Some Cartographers – On a Certain Blindness in Human Beings EP/Daniel Alexander Hignell – A Goddamn Amusement Park

[Self-released]

Two sides of Mr Hignell’s [post=”daniel-alexander-hignell-soundscape-study-001″ text=”oeuvre-coin”] here – first, his math-rock (ish) band affair, and second his more ambient/home listening outings.

Some Cartographers is the hopefully final name the band previously known at various points in the last six months as (deep breath) Bygrayvpartynmyrytarm, Tourist killed in Shark attack and Mockery Goggles. I’m not sure if it’s me being a miserable bastard or if the song titles don’t do the actual songs justice – to be honest, I do wonder if there really is any reasonable excuse for calling a song  “(As long as there is evil in this world I will destroy it with my) bird missiles.” I can understand taking the piss out of over-wrought post-rock/math-rock bands. This doesn’t do that though.

Anyway. This is all immaterial, because it’s the songs that count, not the titles, right? Yes, right. I’m just bitter. The songs are great. Ignore the titles, remember this: GREAT SONGS.

What we have here is a band doing a great many things that not many people are doing. On the surface it’s a bit math rock, elaborately constructed songs with extended instrumental sections, key and time signature changes and whatnot.  But there’s not an ounce of ‘aren’t we clever?’ music student wankery here – any time changes to the songs fit into a general ‘arc’ of the song, and there’s a real sense of maintaining thematics across a piece. Guitarist Jamie‘s parts are intricate little miniatures of harmonic exploration, which leave Dann (vocals) and Huw (drums) enough freedom and space to lay down their own licks n’ lyrics.

This is a record that has one of my all-time favourite things for a band to do – drummers not being drum machines but allowed to play it like it’s a real instrument. Which it is. The aforementioned “…bird missiles” does this great job of sounding like a torch song featuring an oversized, hyperactive ant having a poly-limbed seizure in front of a drumkit. Elsewhere there’s elements of 80s-style theatrics – 12 minute opener “Pulpit Parenthetis Sandcastle” somehow going through a million changes, hitting the button marked ‘a bit This Heat,’ detour through blissy space pop,  disco section and a nicely held outro sounding like Tom Waits wasting time in the asylum.

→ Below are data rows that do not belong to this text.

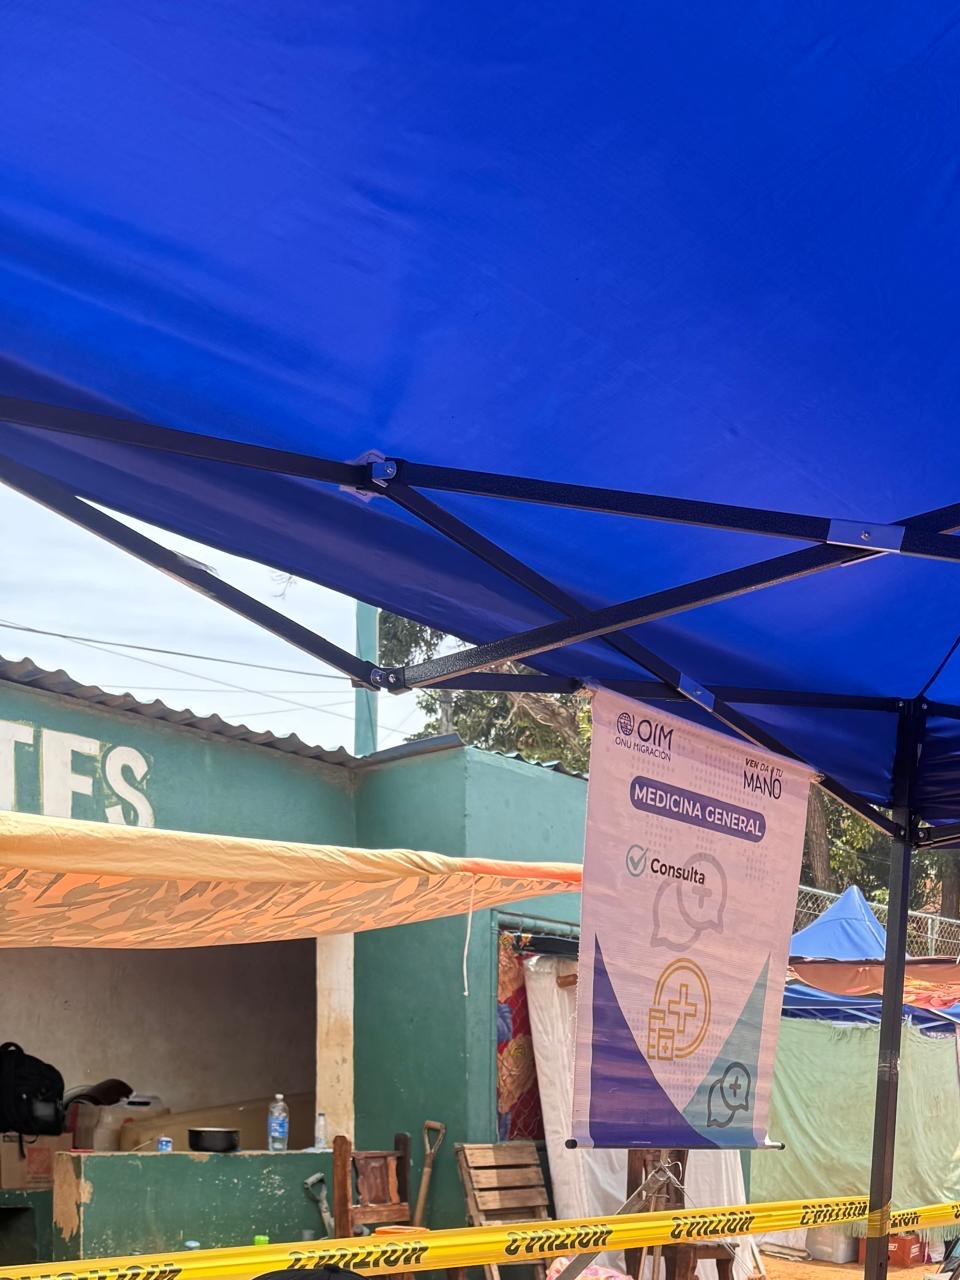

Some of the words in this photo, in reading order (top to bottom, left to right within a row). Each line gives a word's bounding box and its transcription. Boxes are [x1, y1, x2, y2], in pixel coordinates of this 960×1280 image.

[615, 736, 632, 749] ONU
[637, 719, 674, 751] OIM
[745, 758, 758, 769] VEN
[759, 762, 769, 773] DA
[743, 767, 782, 800] MANO
[634, 783, 702, 820] MEDICINA
[705, 805, 763, 837] GENERAL
[650, 858, 706, 885] Consulta
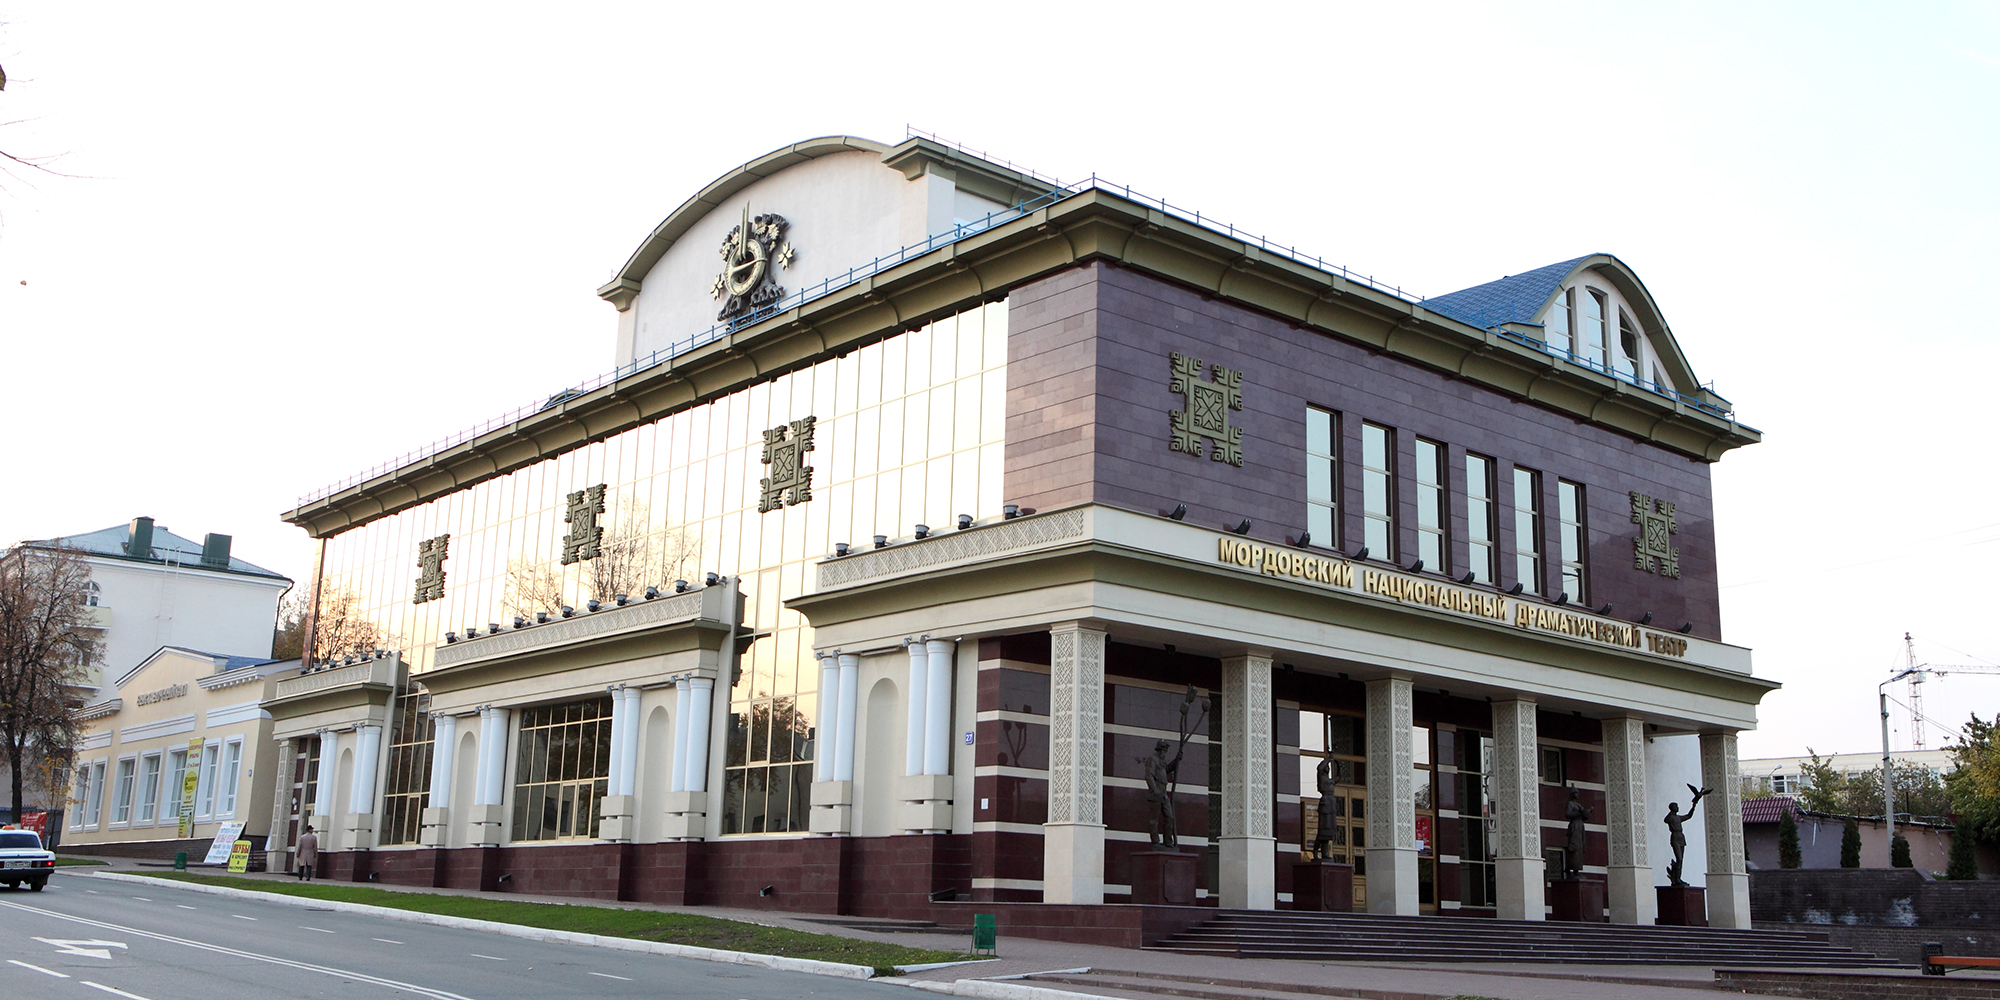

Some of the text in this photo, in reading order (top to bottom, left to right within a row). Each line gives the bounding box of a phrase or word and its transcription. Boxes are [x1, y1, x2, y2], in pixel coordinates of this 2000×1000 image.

[1218, 537, 1688, 657] МОРДОВСКИЙ НАЦИОНАЛЬНЫЙ ДРАМАТИЧЕСКИЙ ТЕАТР
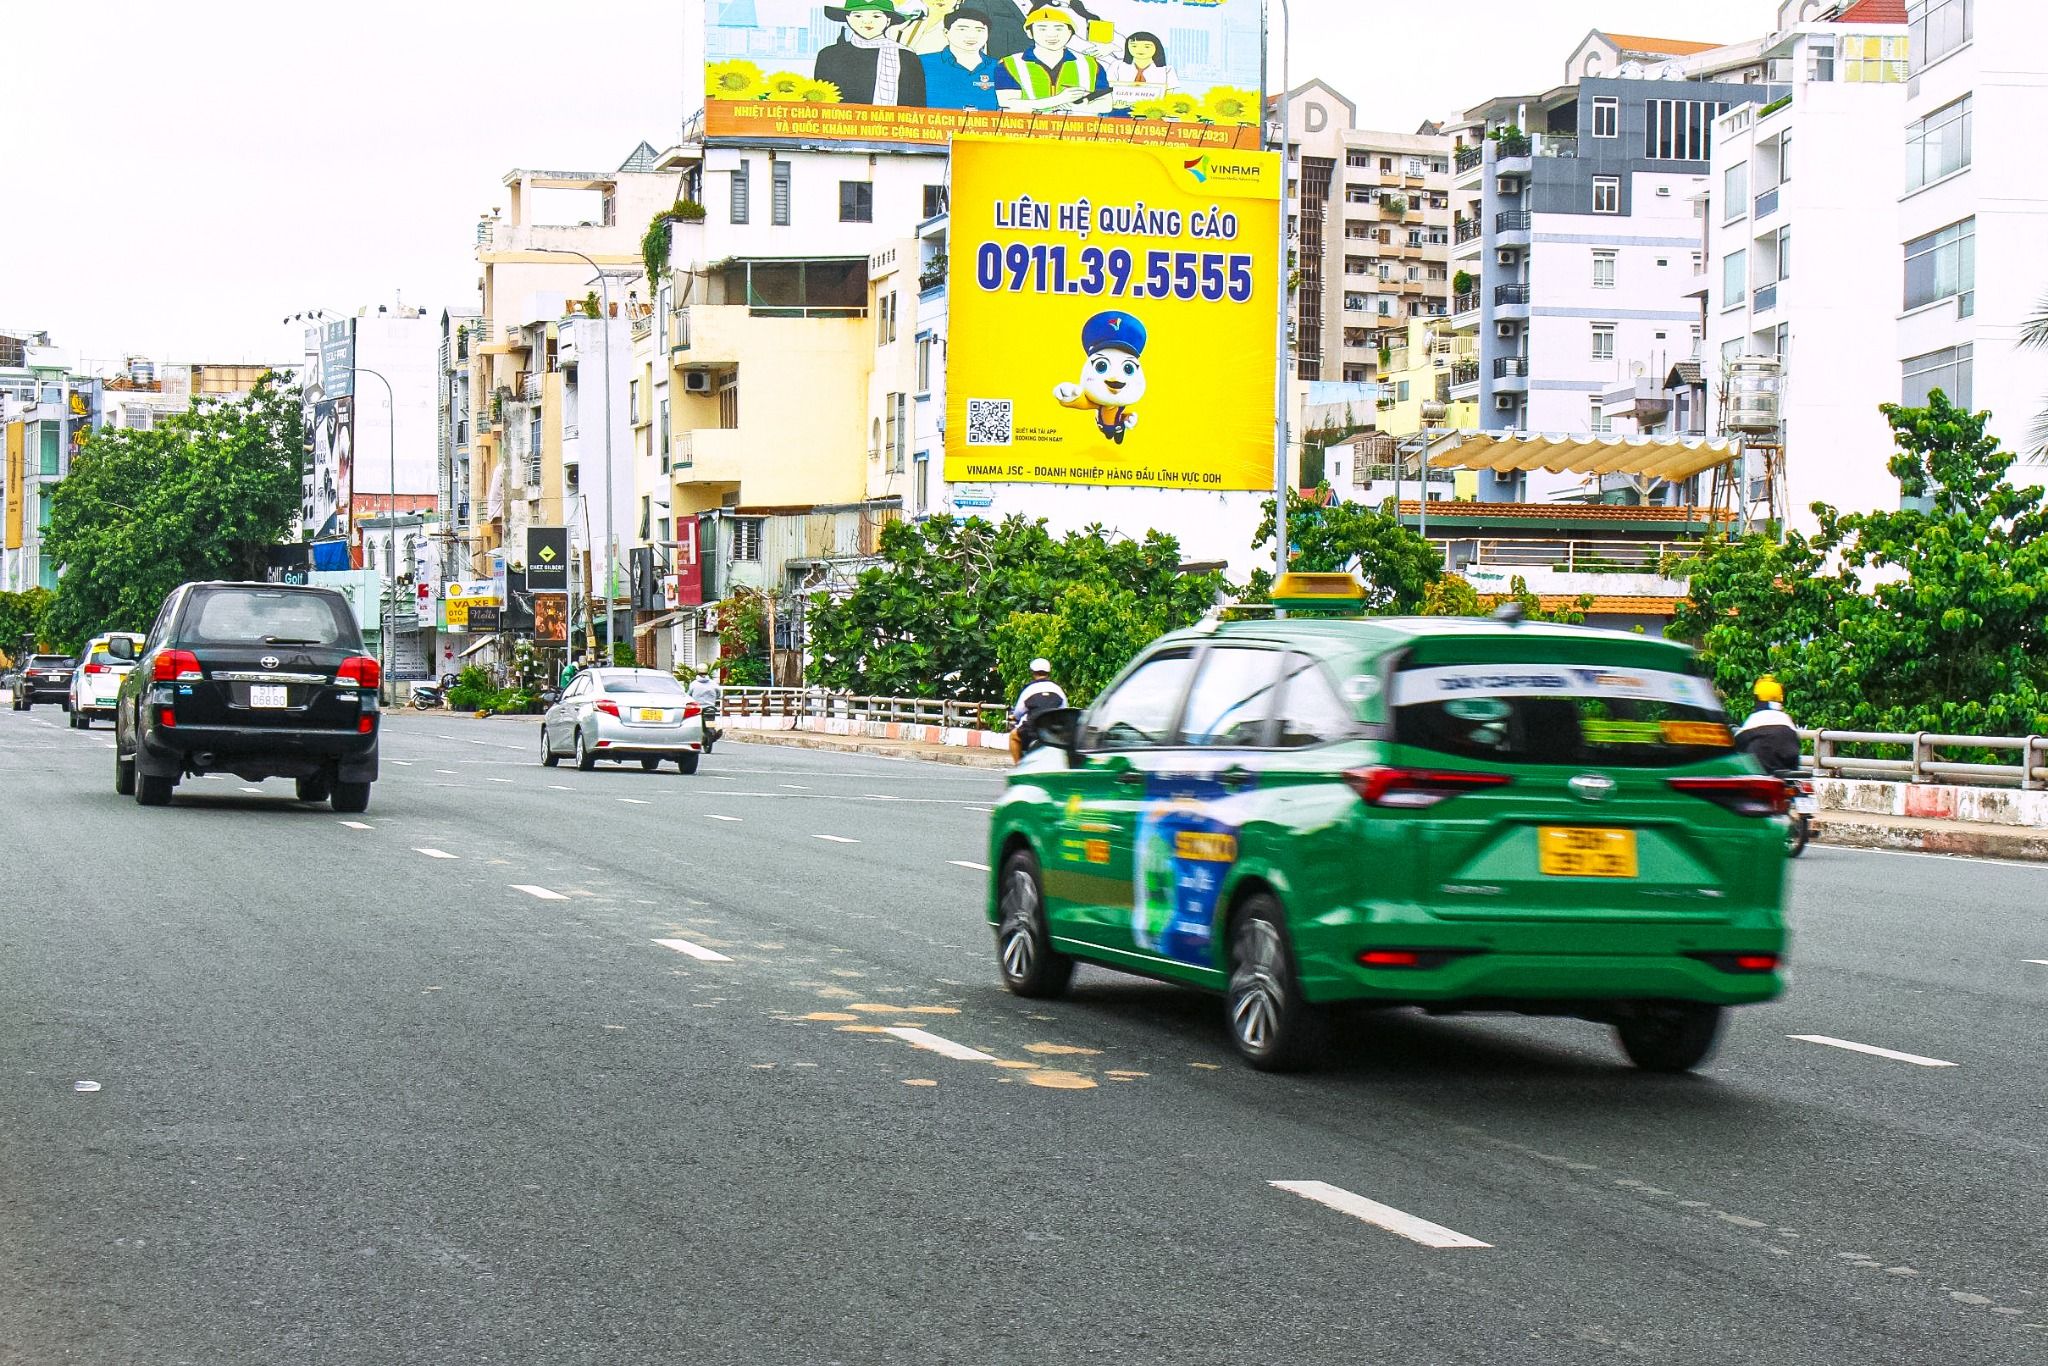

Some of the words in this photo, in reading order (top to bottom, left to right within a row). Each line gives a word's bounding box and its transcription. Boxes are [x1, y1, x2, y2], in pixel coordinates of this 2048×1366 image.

I’ve followed Hignell’s work for… ooh, a decade nearly, and his lyrics are some of the best around – genteel miniature”I find your small hands attractive” obliquely referencing Sinead O’Connor, newspaper hysteria and political apathy under a gorgeous, nearly doo-wop backing.

I could go on a bit longer about this, but essentially the bottom line is if you like intelligent, poppy rock music which doesn’t sacrifice intelligence for melodies, this is the record you’re after.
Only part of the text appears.